◆ Data records ◆
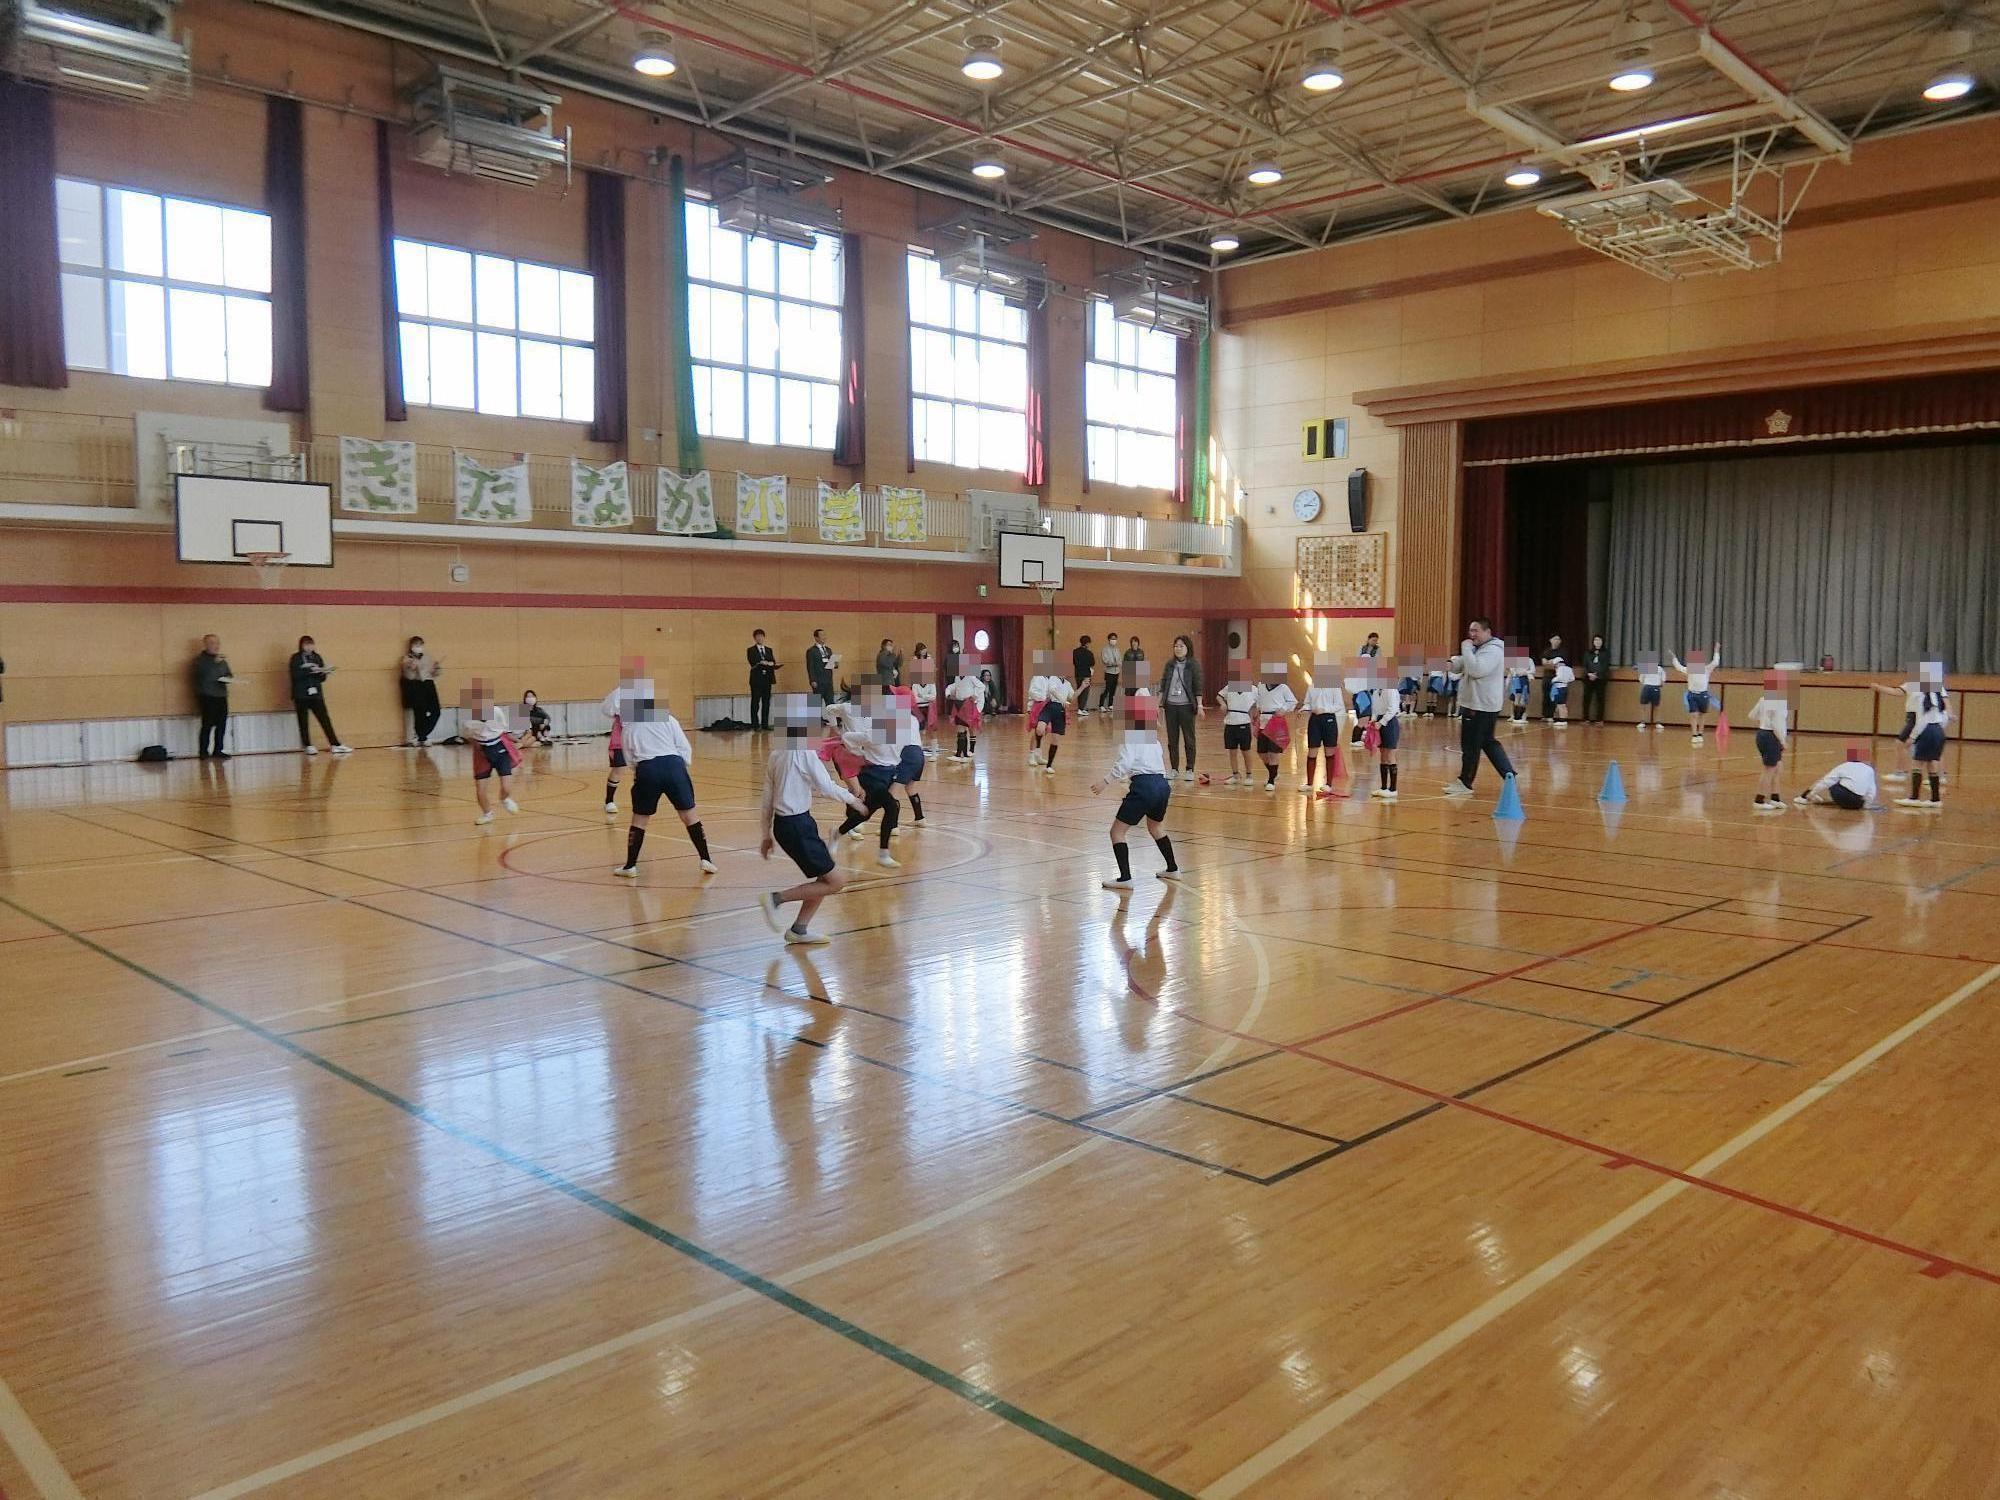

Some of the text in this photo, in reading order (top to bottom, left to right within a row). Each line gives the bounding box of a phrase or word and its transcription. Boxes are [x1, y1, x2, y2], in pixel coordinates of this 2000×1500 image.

[349, 444, 398, 509] き
[460, 465, 516, 518] た
[578, 467, 625, 524] な
[743, 483, 785, 531] 小
[823, 489, 860, 540] 学
[887, 489, 924, 539] 校

◆ What the exercise asks ◆
No pictures go in the copy. Set down all the data exactly.

◆ Task answer ◆
Some of the text in this photo, in reading order (top to bottom, left to right within a row). Each line gives the bounding box of a phrase or word and its transcription. Boxes are [x1, y1, x2, y2], in pixel coordinates of this 2000×1500 image.

[349, 444, 398, 509] き
[460, 465, 516, 518] た
[578, 467, 625, 524] な
[743, 483, 785, 531] 小
[823, 489, 860, 540] 学
[887, 489, 924, 539] 校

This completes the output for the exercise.